→ REQUIREMENT
Every line below should come back exactly as written, though the pictures stay out.

→ Collection entries
====================

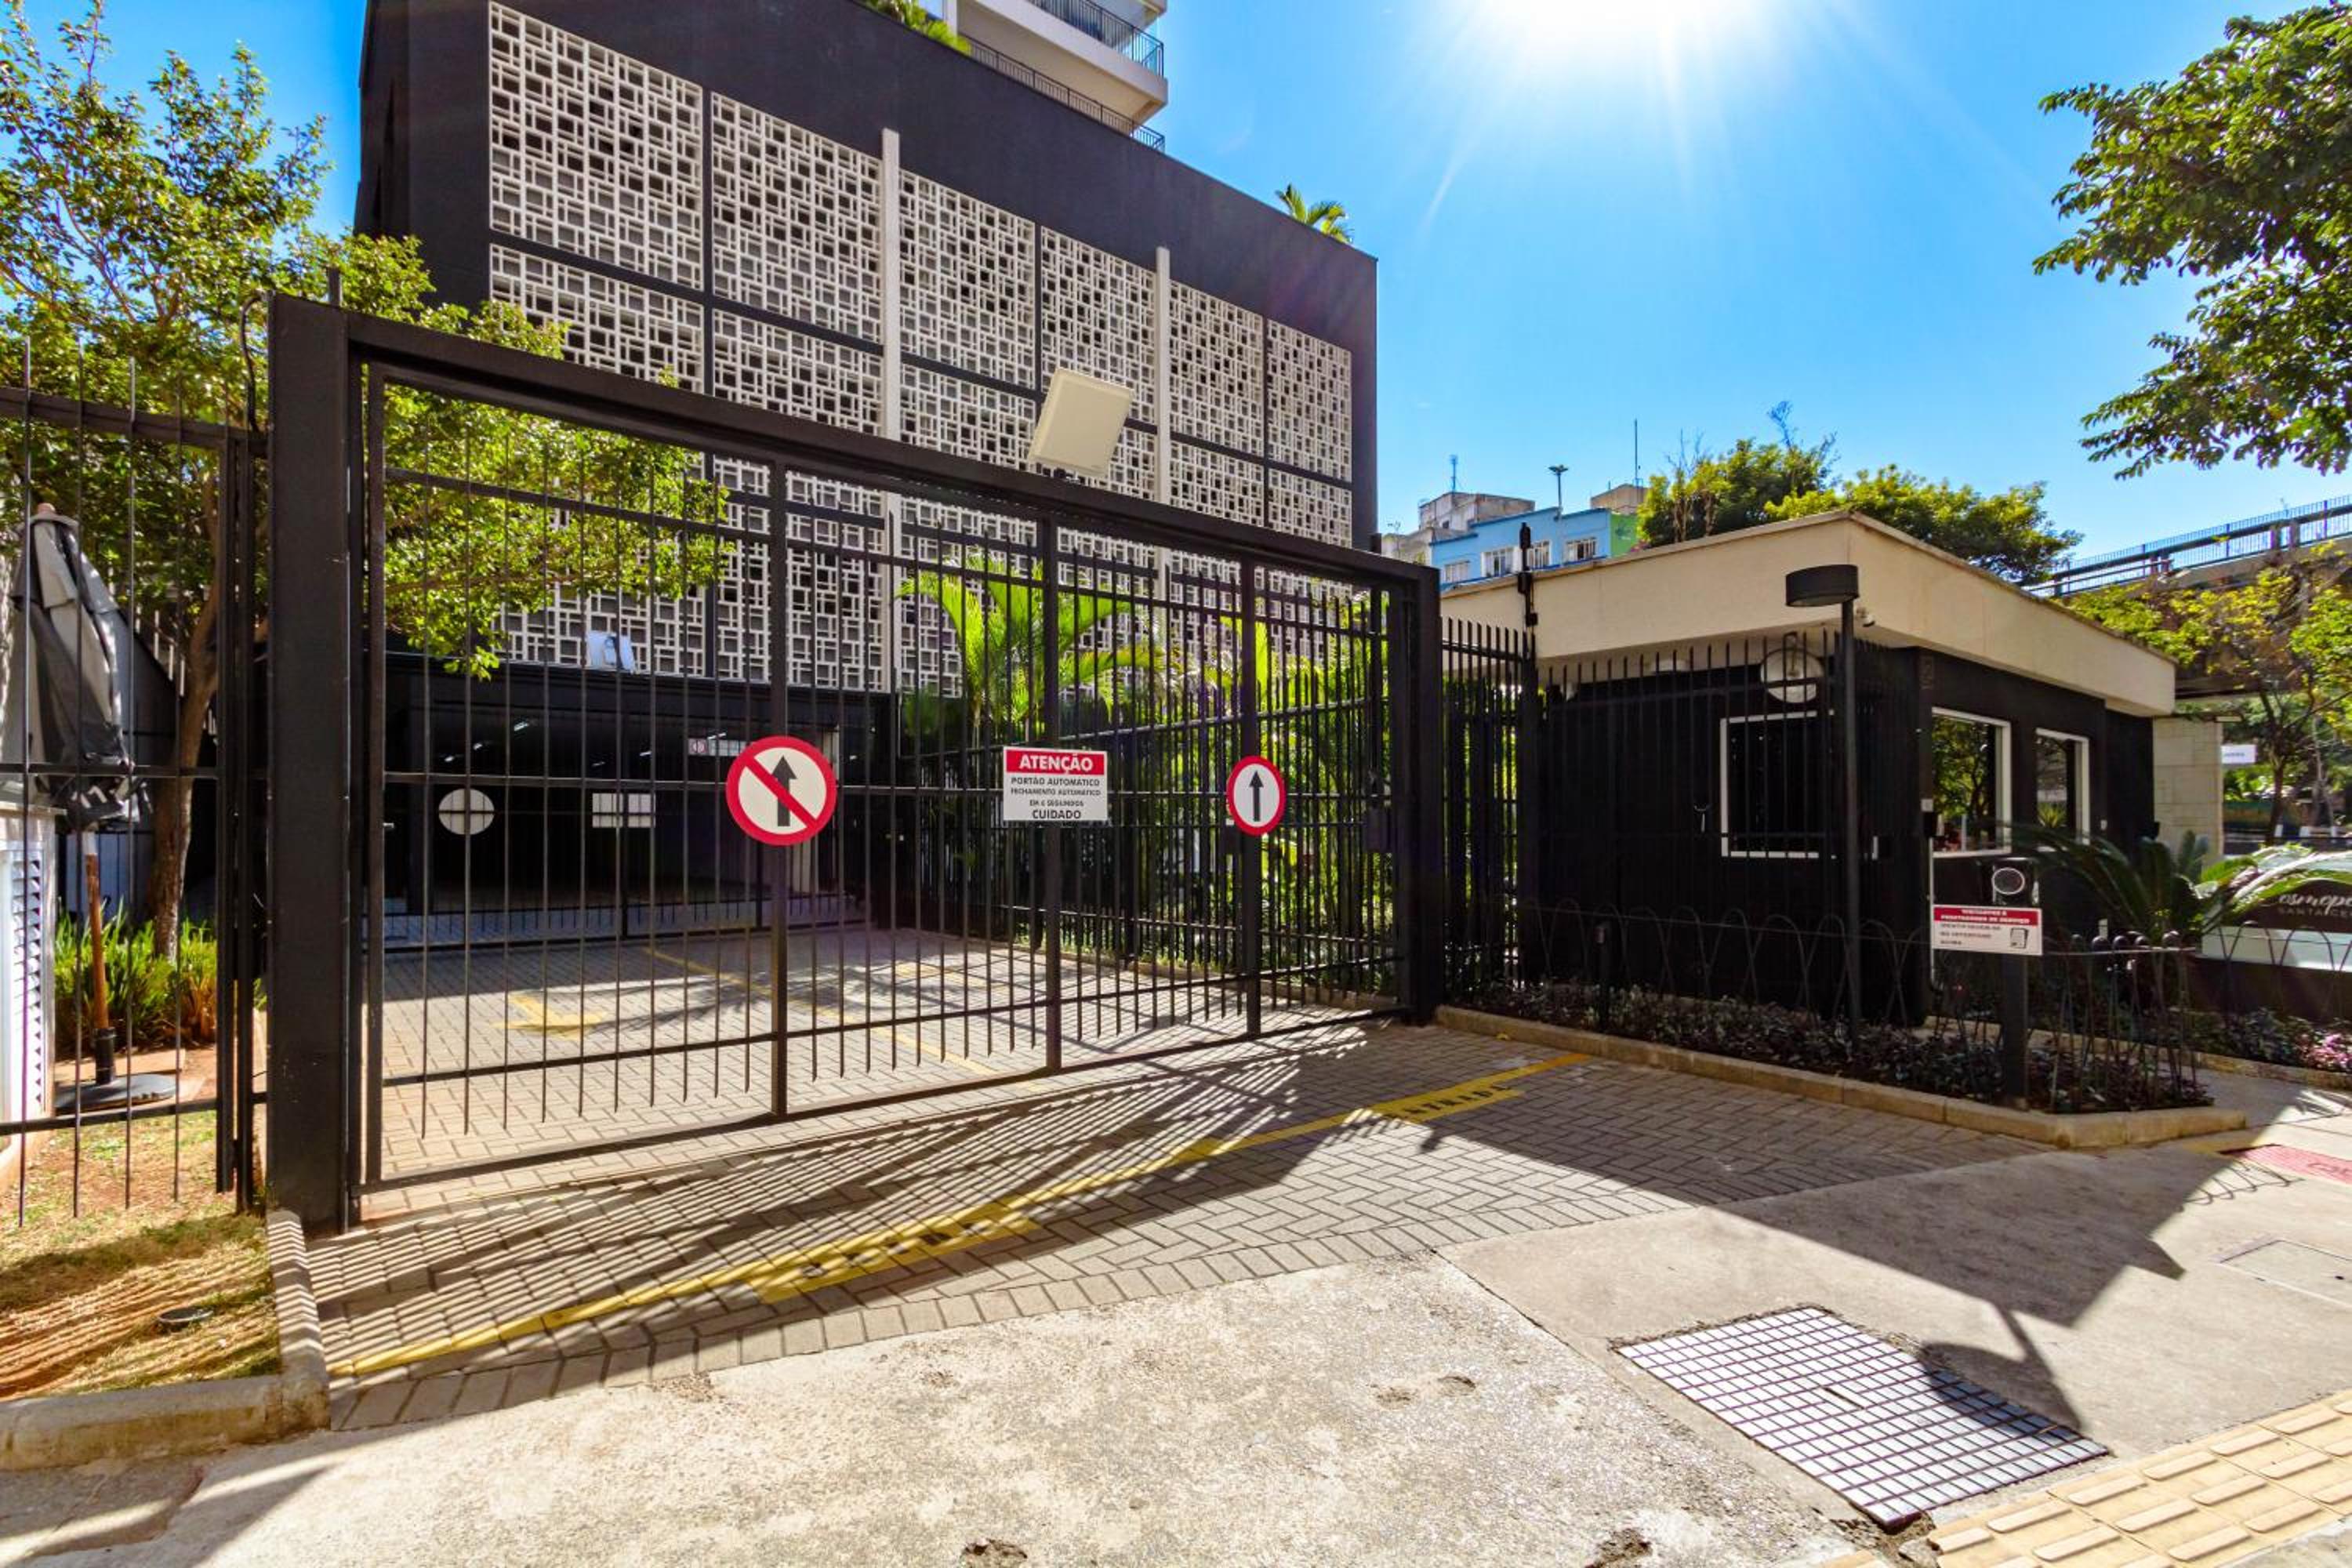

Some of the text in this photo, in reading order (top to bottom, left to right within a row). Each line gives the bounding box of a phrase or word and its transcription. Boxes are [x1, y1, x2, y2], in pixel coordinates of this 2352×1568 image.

[1019, 753, 1094, 775] ATENÇÃO
[1011, 776, 1045, 785] PORTÃO
[1032, 809, 1082, 819] CUIDADO
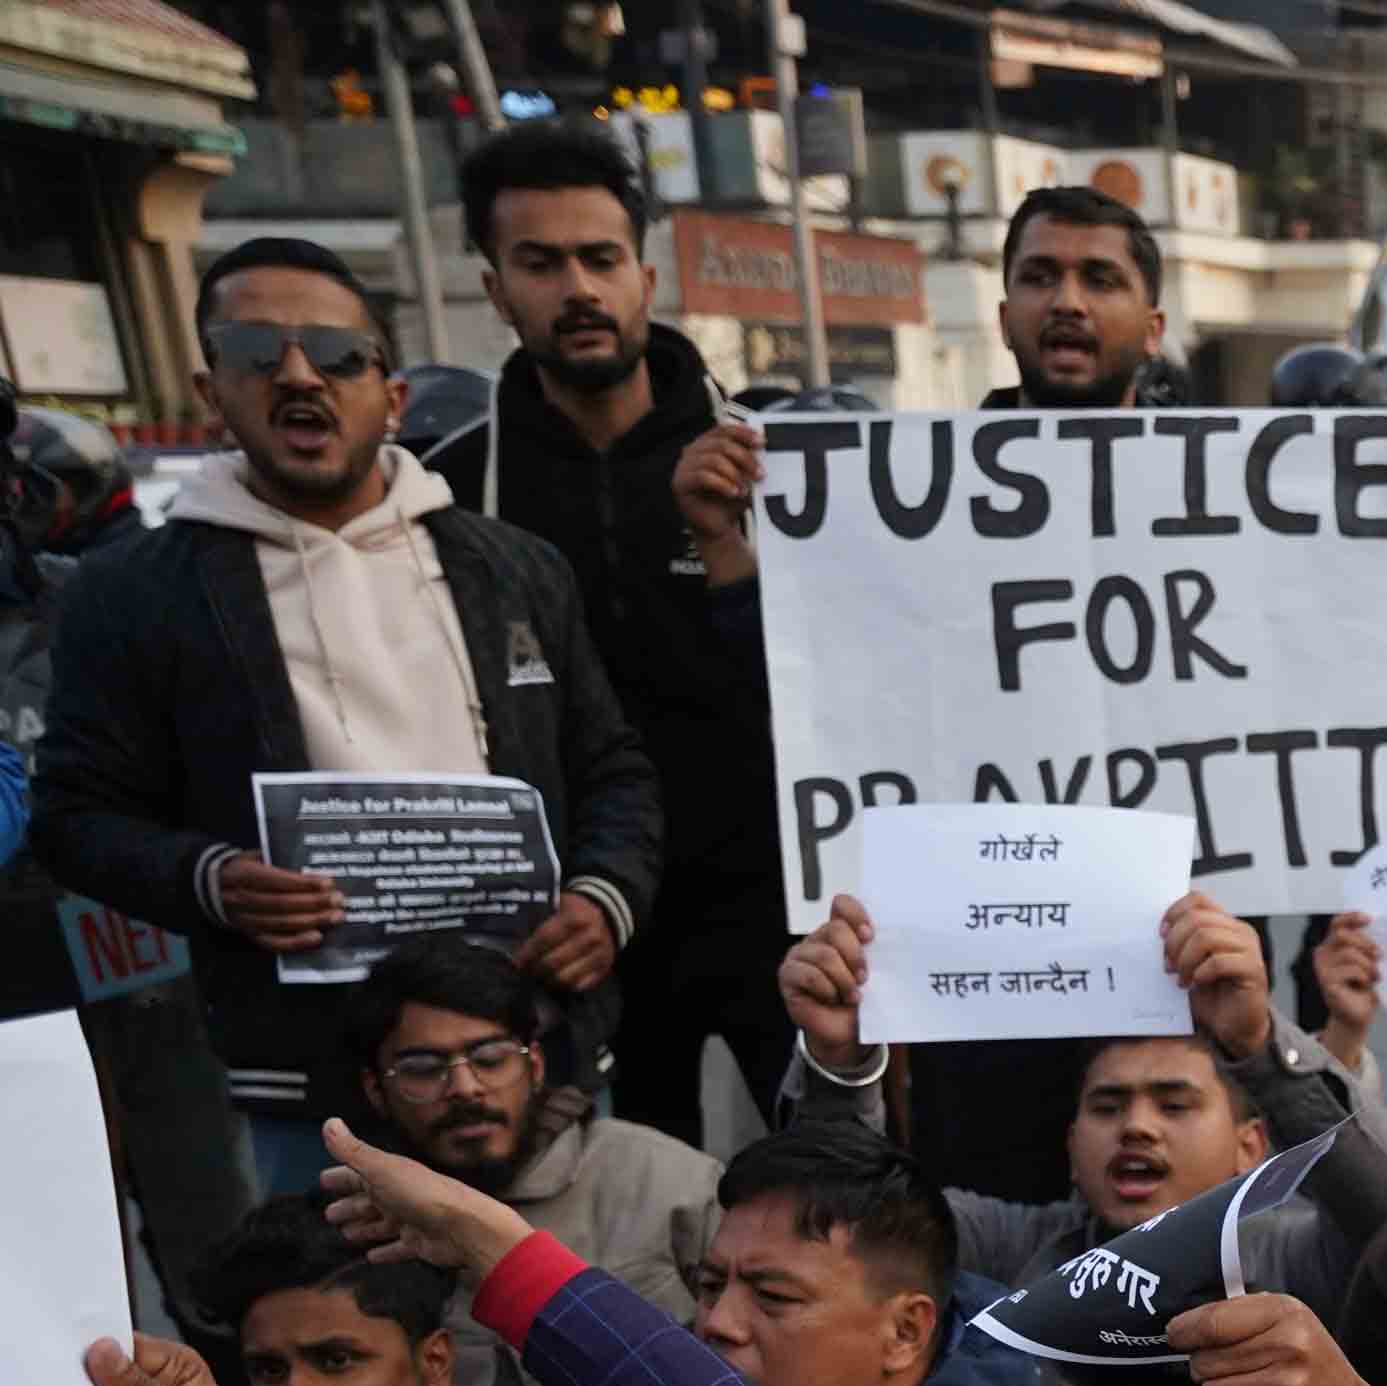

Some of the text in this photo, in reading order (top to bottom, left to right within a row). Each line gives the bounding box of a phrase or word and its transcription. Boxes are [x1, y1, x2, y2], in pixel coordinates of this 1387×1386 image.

[991, 569, 1248, 692] FOR
[964, 902, 1071, 931] अन्याय
[929, 970, 994, 999] सहन
[999, 961, 1090, 998] जान्दैन
[1117, 1259, 1161, 1316] गर
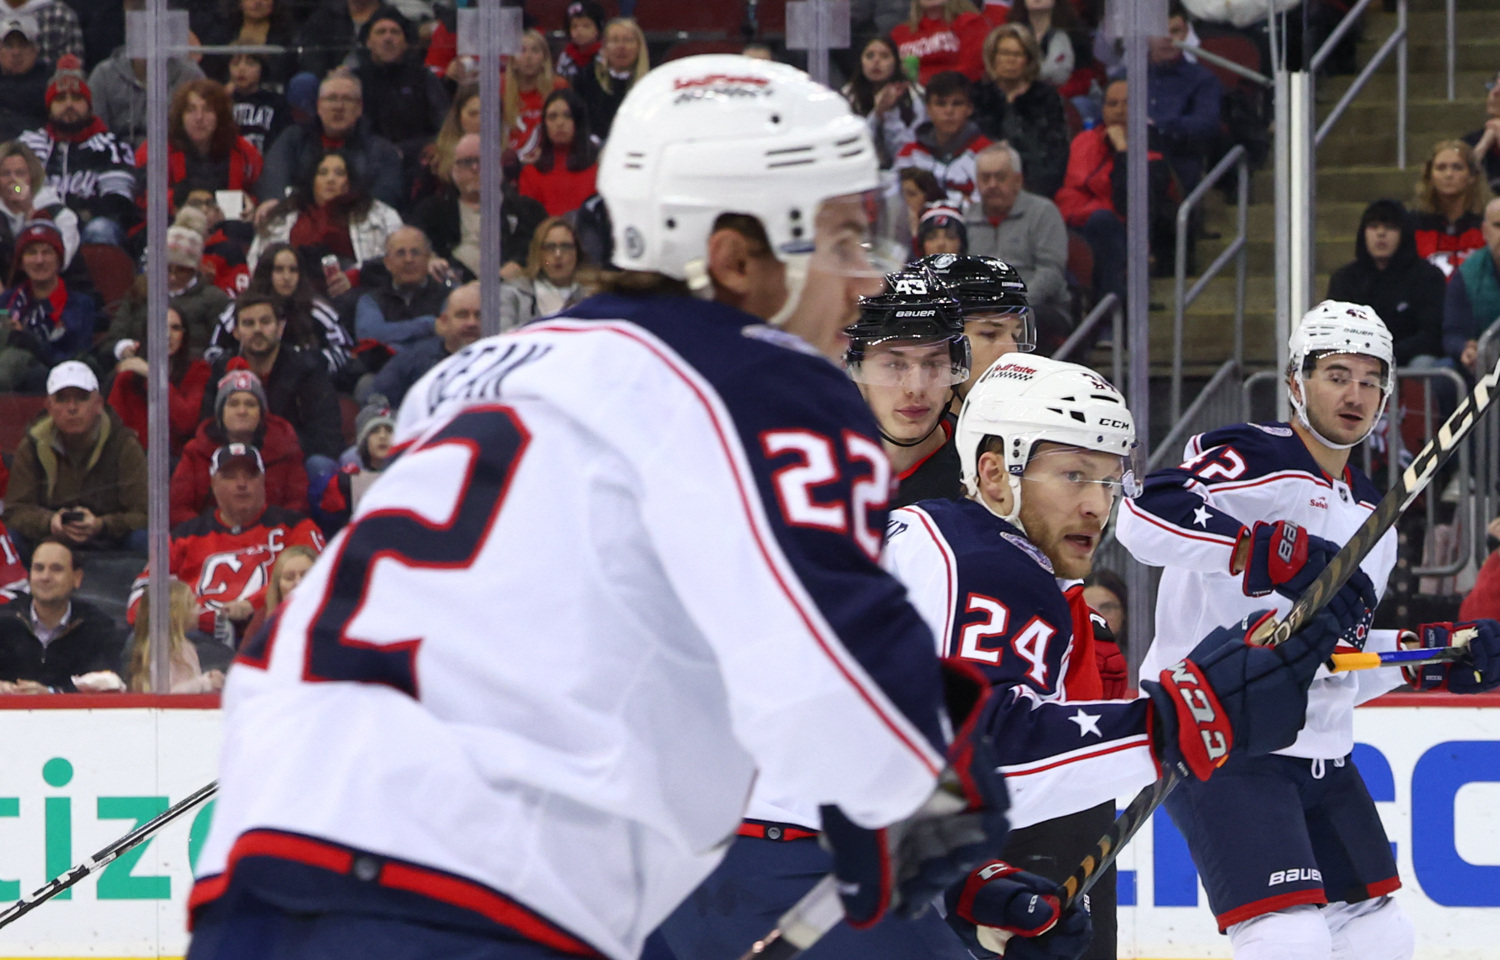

====================

→ RESULT FOR THIS EXERCISE
Some of the text in this photo, in reading order (top to bottom, left to right within a row). Each line gives the bounding box of a phrase or word and its transcription. Boxes are [x1, y1, x2, y2], in pixel coordinates of this 2352×1568 image.

[1019, 753, 1094, 775] ATENÇÃO
[1011, 776, 1045, 785] PORTÃO
[1032, 809, 1082, 819] CUIDADO

Some of the text in this photo, in reading order (top to bottom, left to right within a row). Each line gives the bounding box of a phrase or word and its transcription. Boxes are [x1, y1, x2, y2], in pixel coordinates of this 1387×1386 image.

[991, 569, 1248, 692] FOR
[964, 902, 1071, 931] अन्याय
[929, 970, 994, 999] सहन
[999, 961, 1090, 998] जान्दैन
[1117, 1259, 1161, 1316] गर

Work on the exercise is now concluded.